LEYENDA DE LA GRANADA
La mayoría de la gente
no cree en las leyendas, las considera cuentos ubicados en el pasado que no
corresponden a la realidad. Ahora, cuando me dispongo a contar mi experiencia,
siento un poco de pudor, porque yo era una de esas personas incrédulas que solo
veía en las leyendas simples ejercicios literarios, fantasías ilusorias. Alguna
vez había escuchado que, a lo largo de la historia de Lorca, habían sucedido
hechos legendarios que no se conocían en la actualidad. Uno de ellos es el que
relata la Leyenda de la granada.
Todo comenzó a finales
de julio de 2016 en la Biblioteca Histórica de la Universidad Complutense de
Madrid, donde se guardan documentos del siglo IX al siglo XIV, muchos de ellos
procedentes de la antigua Biblioteca Catedralicia y Real de Toledo. Yo estaba
realizando una labor de investigación para mi Trabajo Final de Grado cuando
descubrí, por puro azar, un texto del siglo XIII que relataba una leyenda cuyo
escenario se ubicaba en la Sierra de Almenara, cerca del castillo de Felí. Me
llamó poderosamente la atención porque mis padres son de origen lorquino y me
habían hablado de esa pequeña fortaleza.
El texto estaba escrito
en castellano antiguo, pero pude entenderlo con facilidad, cuatro años de
estudios en Historia Medieval dan para bastante. El autor, un escribano de
Alfonso X, describía el lugar exacto de los hechos. Mencionaba que había
conocido la historia que narraba por boca de un cautivo, apresado por las
tropas del infante Alfonso cerca de un nacimiento de aguas en la ladera de la
sierra, en un paraje donde se formaba un pequeño embalse rodeado de pinos, y
del que se deslizaba un hilo risueño de agua cristalina que iba a parar a una
rambla.
Después contaba que en
ese paraje se producían hechos mágicos. Tenían lugar si durante una noche de
luna llena de fínales de agosto, en fecha de signos impares, una joven comía
una granada mientras daba vueltas alrededor del embalse sin que se le cayese al
suelo ni un solo grano de la fruta. Entonces, del interior de las aguas emergía
la imagen de Aya, una bella mora que le concedería el deseo que debía repetir
al comer cada grano de la granada.
En los siguientes
legajos narraba el origen de la leyenda, probablemente de finales del siglo XI.
Explicaba que Fátima, hija del jefe de la guardia del castillo de Felí, mantenía
una secreta rivalidad con Aya, hija del alcaide árabe, gobernador del castillo,
y futura esposa del gobernador del castillo de Tébar. Fátima deseaba todo lo
que representaba Aya: lujo, riqueza y posición, ya que su padre la había
prometido al hombre que Fátima amaba, y aquello la irritaba sobremanera.
Fátima concibió un plan
siniestro. Se hizo muy amiga de Aya y con engaños consiguió llevarla a solas
hasta el paraje del nacimiento. Allí le ofreció ser la dueña del mayor tesoro
traído por su padre desde Damasco, un secreto que se escondía en el fondo del
embalse y que convertiría su belleza en eterna. Le aseguró que había poca
profundidad y que su valor solo pertenecería a la joven que lo encontrara. Le
pidió en contrapartida que se intercambiase por ella tan solo una noche. Aya,
deseosa por descubrir lo que se guardaba en el interior del agua, aceptó.

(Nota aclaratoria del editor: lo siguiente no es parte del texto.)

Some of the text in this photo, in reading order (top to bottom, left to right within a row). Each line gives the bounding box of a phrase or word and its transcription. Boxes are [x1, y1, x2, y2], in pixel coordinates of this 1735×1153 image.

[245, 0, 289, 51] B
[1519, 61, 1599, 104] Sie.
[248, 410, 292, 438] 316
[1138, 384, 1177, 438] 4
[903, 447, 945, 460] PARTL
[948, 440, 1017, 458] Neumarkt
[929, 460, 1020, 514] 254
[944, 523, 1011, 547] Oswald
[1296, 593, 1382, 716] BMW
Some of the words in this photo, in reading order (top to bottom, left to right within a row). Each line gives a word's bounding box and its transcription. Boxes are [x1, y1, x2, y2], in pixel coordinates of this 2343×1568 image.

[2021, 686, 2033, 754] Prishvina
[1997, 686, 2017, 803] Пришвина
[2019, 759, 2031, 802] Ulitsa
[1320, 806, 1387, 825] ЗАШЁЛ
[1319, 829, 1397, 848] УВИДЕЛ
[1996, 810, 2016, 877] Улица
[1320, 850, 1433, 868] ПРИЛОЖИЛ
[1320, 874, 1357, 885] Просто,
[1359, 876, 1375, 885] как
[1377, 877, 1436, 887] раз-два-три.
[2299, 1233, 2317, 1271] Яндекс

Fátima sacó dos granadas que guardaba entre sus ropas, lanzó una de ellas al
centro del embalse y le dijo que debía sacarla junto con el tesoro y comérsela
antes de que ella hiciese lo mismo con la otra. Si lo conseguía, su belleza
jamás tendría parangón con ninguna otra mujer.
Fátima comenzó a
caminar comiendo cada grano mientras deseaba, con todas sus fuerzas, que Aya
nunca saliese del agua. Esta, ilusionada, se fue adentrando en el embalse con
rapidez y llevada por su ímpetu, resbaló, se hundió, y su cuerpo desapareció
entre las aguas mientras las ondas del embalse borraban el reflejo de la luna.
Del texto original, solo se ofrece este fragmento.